L'Ostello Bello, una delle realtà più interessanti del panorama milanese per i giovani, è a rischio chiusura. Il Comune di Milano infatti ha notificato all'ostello di Via Medici un'ordinanza di chiusura che i proprietari hanno intenzione di respingere al mittente. Perchè tutto ciò? Per tre letti a castello di troppo.

La storia dell'Ostello Bello è questa: nel 2010 un gruppo di ragazzi sotto i 40 anni, dopo aver girato più di 200 ostelli in tutto il mondo, decide di aprirne uno nel pieno centro di Milano, in via Medici, a due passi da via Torino. Nasce così quello che Hostelworld, il sito di riferimento del settore, premierà come il secondo miglior nuovo ostello del mondo. Non è difficile capire perchè: più che un ostello, l' "Ob" è un centro culturale, un pub, un luogo di ritrovo e scambio per giovani di tutto il mondo.

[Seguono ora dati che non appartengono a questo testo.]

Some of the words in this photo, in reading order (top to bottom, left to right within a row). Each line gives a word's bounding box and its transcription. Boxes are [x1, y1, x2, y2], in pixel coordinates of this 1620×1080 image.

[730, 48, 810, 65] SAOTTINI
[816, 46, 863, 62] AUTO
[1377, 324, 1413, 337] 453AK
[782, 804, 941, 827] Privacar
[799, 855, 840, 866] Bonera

Compresi molti milanesi (un po' "aristofricchettoni") che hanno trasformato questo "dormitorio" (di lusso) per ragazzi  in un punto di riferimento della movida: aperitivi, pranzi e concerti sono all'ordine del giorno.

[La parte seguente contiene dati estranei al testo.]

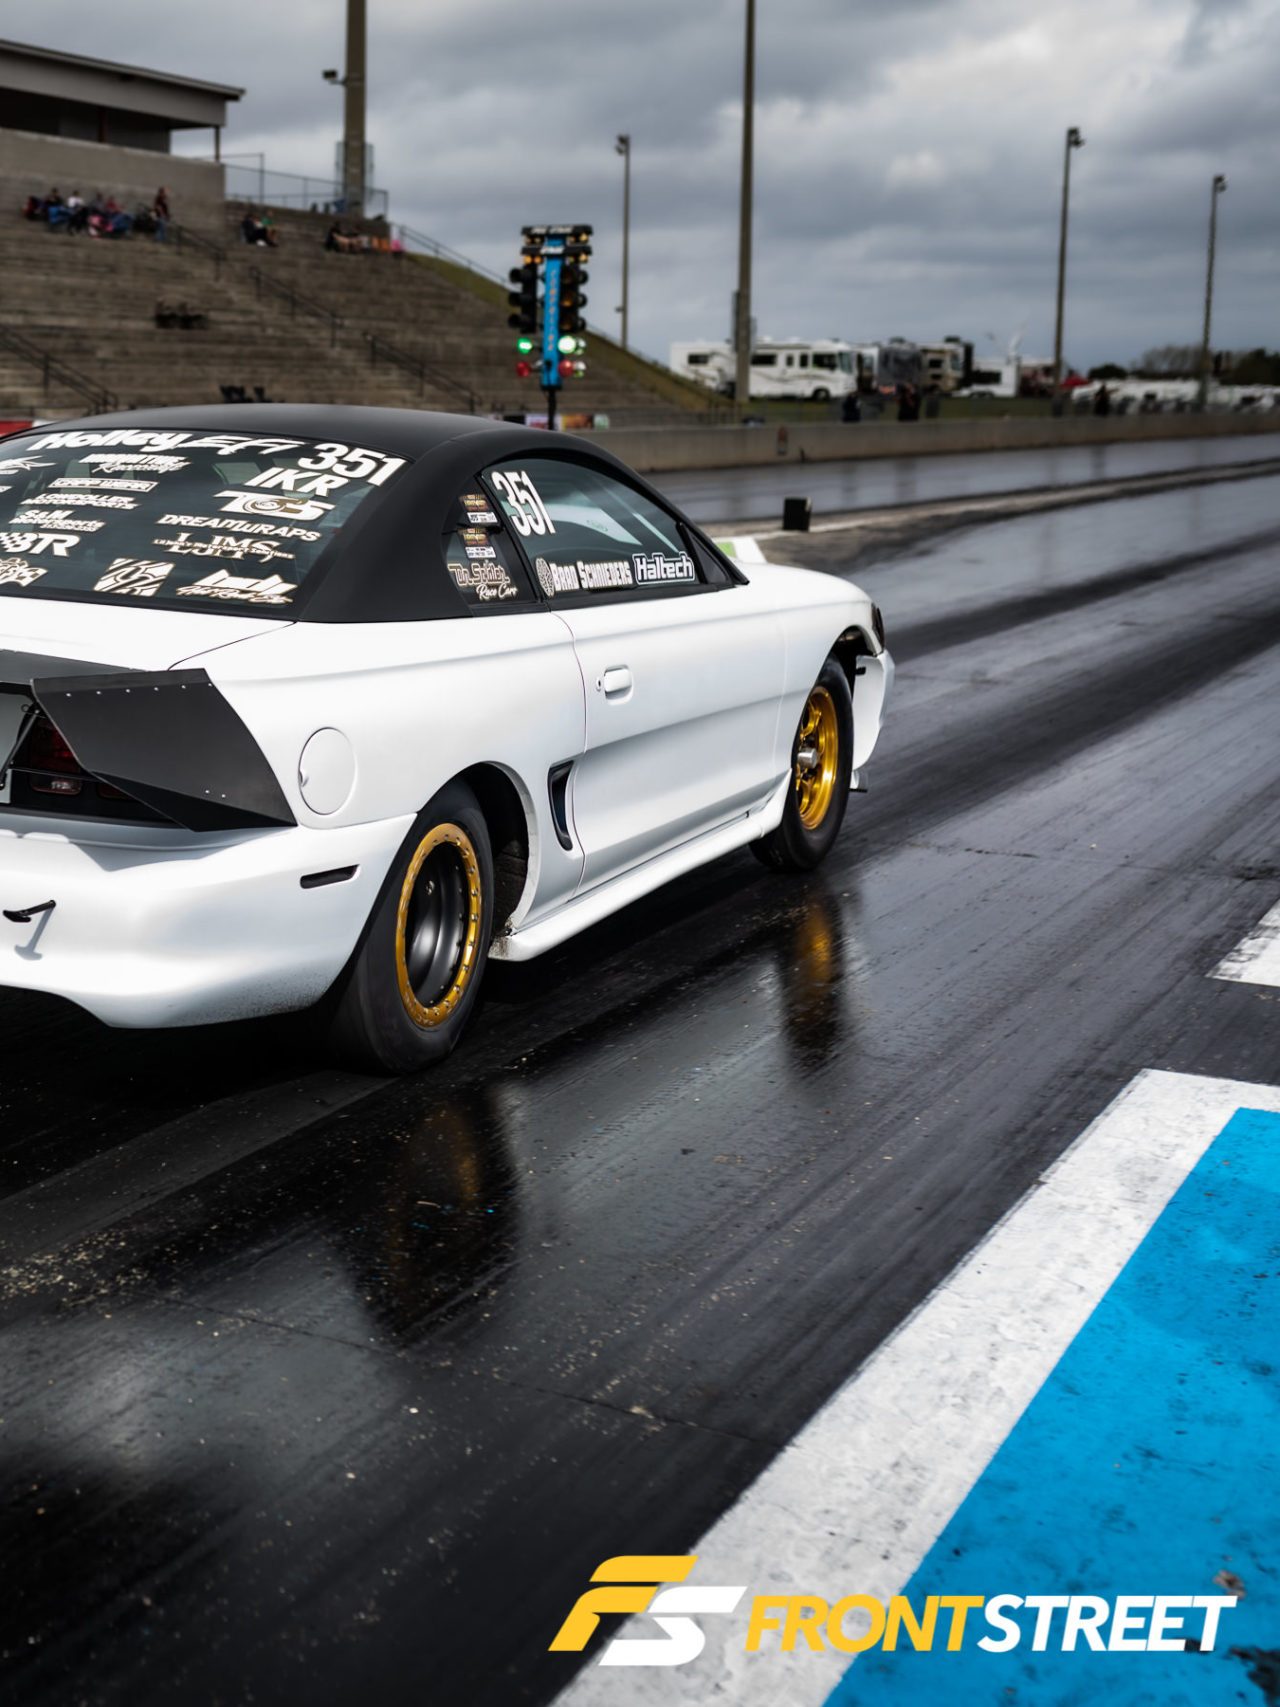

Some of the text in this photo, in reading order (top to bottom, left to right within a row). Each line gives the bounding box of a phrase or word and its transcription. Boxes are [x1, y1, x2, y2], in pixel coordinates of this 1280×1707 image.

[27, 430, 194, 453] Holley
[296, 443, 407, 487] 351
[243, 466, 351, 498] IKR
[491, 470, 557, 537] 351
[549, 562, 580, 592] BRAD
[633, 553, 695, 583] Haltech

Sono proprio i titolari a raccontare su Facebook la vicenda della chiusura. In una lunga nota spiegano tutte le negligenze della pubblica amministrazione (dall'Asl alla Regione) e la cronica incapacità della burocrazia di dare risposte certe sulle normative per gli ostelli. L'Ostello Bello, prima di aprire e indebitarsi per 10 anni, si informa da solo e riesce a rispettarle tutte, offendo molto più degli standard. Tutte tranne una.

"Ci contestano - scrivono i proprietari - i letti in più: su dieci stanze, ci sono tre camere (di 25 mq l'una più servizi) con quattro letti a castello, anzichè tre. I metri cubi, i servizi igienici, i rapporti aeroilluminanti andrebbero bene anche per 8 persone. Ma il regolamento dice "massimo 6". I nostri ospiti sono entusiasti, ma non importa". Ed ecco che scattano le grane: "A fine marzo, la Asl ci contesta i letti in più che avremmo dovuto togliere. Ieri (fine maggio, ndr) ci è arrivato dal Comune di Milano l'avviso di avvio del procedimento di chiusura. Avremmo potuto togliere i letti in più ma non abbiamo voluto".

E ora l'Ostello Bello, che si dice disponibile a pagare una pena pecuniaria ma non certo a chiudere, nè a diminuire i posti letto, è pronto a dare battaglia: "Perchè dovremmo chiudere? Chi vuole chiudere Ostello Bello? Perchè dovrebbe chiudere una struttura considerata dai propri ospiti il secondo miglior nuovo ostello al mondo ed il primo in Italia? Perchè tale accanimento verso un progetto che coinvolge più di 15 lavoratori? Noi siamo pronti ad assumerci ogni responsabilità. Ma un'illegittima minaccia di chiusura non la accettiamo e ci difenderemo in ogni sede opportuna. Adesso basta. E' ora di cambiare".